Но в этот смысловой избыток может просочиться грёза, бессмыслица, неразумие. Фигуры-символы легко превращаются в силуэты из кошмарного сна. Свидетельством тому – старинная аллегория мудрости, на немецких гравюрах нередко изображаемой в виде длинношеей птицы, чьи мысли, медленно поднимаясь от сердца к голове, успевают стать взвешенными и продуманными; система значений этого символа излишне подчёркнута – и словно наливается тяжестью: долгий путь размышления, обретая зрительный образ, превращается в тигель утончённого знания, в инструмент для дистилляции квинтэссенций. Шея Gutemensch становится всё длиннее, выступая образом не столько мудрости, сколько всех реальных переходных ступеней знания; и человек-символ преображается в фантастическую птицу со сложенной в тысячу раз непомерной шеей – в бессмысленное существо, стоящее на полпути между животным и вещным миром, влекущее не так строгостью смысла, как собственно изобразительным обаянием.

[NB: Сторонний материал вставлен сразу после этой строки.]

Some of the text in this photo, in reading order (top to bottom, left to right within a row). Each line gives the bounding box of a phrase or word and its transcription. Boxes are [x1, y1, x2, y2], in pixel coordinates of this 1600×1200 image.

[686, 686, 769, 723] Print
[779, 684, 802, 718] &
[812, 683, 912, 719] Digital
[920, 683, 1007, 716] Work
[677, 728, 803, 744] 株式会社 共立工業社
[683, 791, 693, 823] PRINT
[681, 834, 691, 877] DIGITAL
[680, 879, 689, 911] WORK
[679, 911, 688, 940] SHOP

Символическая мудрость эта – в плену у безумствующих грёз.

Мир образов претерпевает коренное изменение: стиснутый множественностью смыслов, он освобождается от упорядоченности форм. Поверхность изображения скрывает в себе столько различных значений, что предстаёт уже только загадочным ликом. Отныне власть его – не в поучении, но в неодолимой притягательности. Показательна эволюция химеры – всем известной химеры, встречающейся повсеместно уже в Средние века, от английских псалтирей до Шартрского и Буржского соборов. В те времена химера давала наглядный урок того, как душа человека, терзаемого желаниями, становится пленницей звериного начала; все эти гротескные лица, расположенные на брюхе у чудовищ, принадлежали к миру великой платоновской метафоры и являли собой унижение духа, впавшего в безумие греха. Но вот наступает XV век, и химера, образ человеческого безумия, становится одной из излюбленных фигур в бесконечном множестве "Искушений". Отшельник в покое своего уединения осаждён со всех сторон не предметами, пробуждающими в нём желания, но скопищем ненормальных, неразгаданных в своей тайне форм, безмолвных и мимолётных, всплывших из глубин сновидения, и пребывающих отныне здесь, на поверхности этого мира. В лиссабонском "Искушении" одна из таких фигур восседает напротив святого Антония: порождение безумия, отшельнического одиночества, покаяния и лишений; тонкая улыбка озаряет это лицо, живущее отдельно от тела, воплощение чистой тревоги в виде подвижной гримасы. Именно этот силуэт, явившийся из кошмарного сна, – одновременно и субъект, и объект искушения; именно к нему прикован завороженный взгляд аскета; и тот и другой, не в силах оторваться, глядятся друг в друга, словно в зеркало, вопрошают друг друга беспрестанно и безответно, и окружающее их молчание нарушается лишь гнусным копошением нежити. Химера больше не напоминает человеку в сатирической форме о его духовном предназначении, позабытом в безумном угаре желания. Отныне она – безумие, ставшее искушением: всё, что несёт она в себе невозможного, фантастического, нечеловеческого, всё, что есть в ней от противоестественности, от чего-то бессмысленного, ползающего, кишащего, – как раз всё это и сообщает ей её странную власть. Свобода рожденных ею грёз, пусть даже пугающих, фантазмы, сотканные её безумием, влекут к себе человека XV столетия более властно, чем вожделенная реальность плоти.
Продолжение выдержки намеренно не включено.